My mom called me about an hour after I got back and asked how it was and what I’d learned. I was still processing everything that had happened and wasn’t ready to talk about it. I could tell her that there was a lot of crying? That we slept in bunk beds? That there was no meat at any of the meals?! But that wasn’t it. I spent three intense days with people who want to make beautiful photographs. Photographs that tell stories – photographs that will last long after we’re gone.
I learned that we all have stories, and that everyone at DGU had a great story to tell. And many people had incredibly painful stories that shape the way they live and see the world. I was humbled and grateful for the openness and brokenness that my new friends were willing to share. I learned that there is beauty in pain. That we shouldn’t be afraid to tell the hard stories. I learned you need to laugh with each other before you can cry with each other.
As I’ve said before, the main way we learn story is not through movies or books, it’s through each other. You become like the people you interact with.

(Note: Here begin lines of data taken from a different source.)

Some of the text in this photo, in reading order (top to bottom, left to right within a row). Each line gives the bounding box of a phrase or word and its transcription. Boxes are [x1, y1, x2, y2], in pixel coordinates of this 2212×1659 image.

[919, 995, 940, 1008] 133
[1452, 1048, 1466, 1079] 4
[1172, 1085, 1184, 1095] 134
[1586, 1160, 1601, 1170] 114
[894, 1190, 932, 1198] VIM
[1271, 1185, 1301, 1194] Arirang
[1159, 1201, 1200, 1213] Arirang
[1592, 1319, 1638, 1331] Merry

These polar charges, these happy and sad things in life, are like colors God uses to draw the world… Somehow we realize that great stories are told in conflict, but we are unwilling to embrace the potential greatness of the story we are actually in. We think God is unjust, rather than a master storyteller.
The thing about death is it reminds you the story we are telling has finality… If you aren’t telling a good story, nobody thinks you died too soon; they just think you died. (All quotes from Donald Miller’s A Million Miles in a Thousand Years)

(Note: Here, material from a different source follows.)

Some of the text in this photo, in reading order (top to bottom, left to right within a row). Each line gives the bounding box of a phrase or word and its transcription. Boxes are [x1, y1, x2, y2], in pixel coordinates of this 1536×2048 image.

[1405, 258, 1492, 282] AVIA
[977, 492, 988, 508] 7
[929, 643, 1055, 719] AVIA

Jeremy and Ashley, thank you so much for telling great stories. Thank you for taking time to help encourage others to do the same. Thank you for showing us by example how to embrace whimsy, to see the glimpses of heaven that God gives us here on earth and for showing me that what I do has meaning, and matters. Thank you for showing us by example how to love others. Thank you for showing me that this is indeed where I am supposed to be, that I’m exactly in the right place of my story that is still being told. Thank you to you (and all my new friends!) for being a part of my story.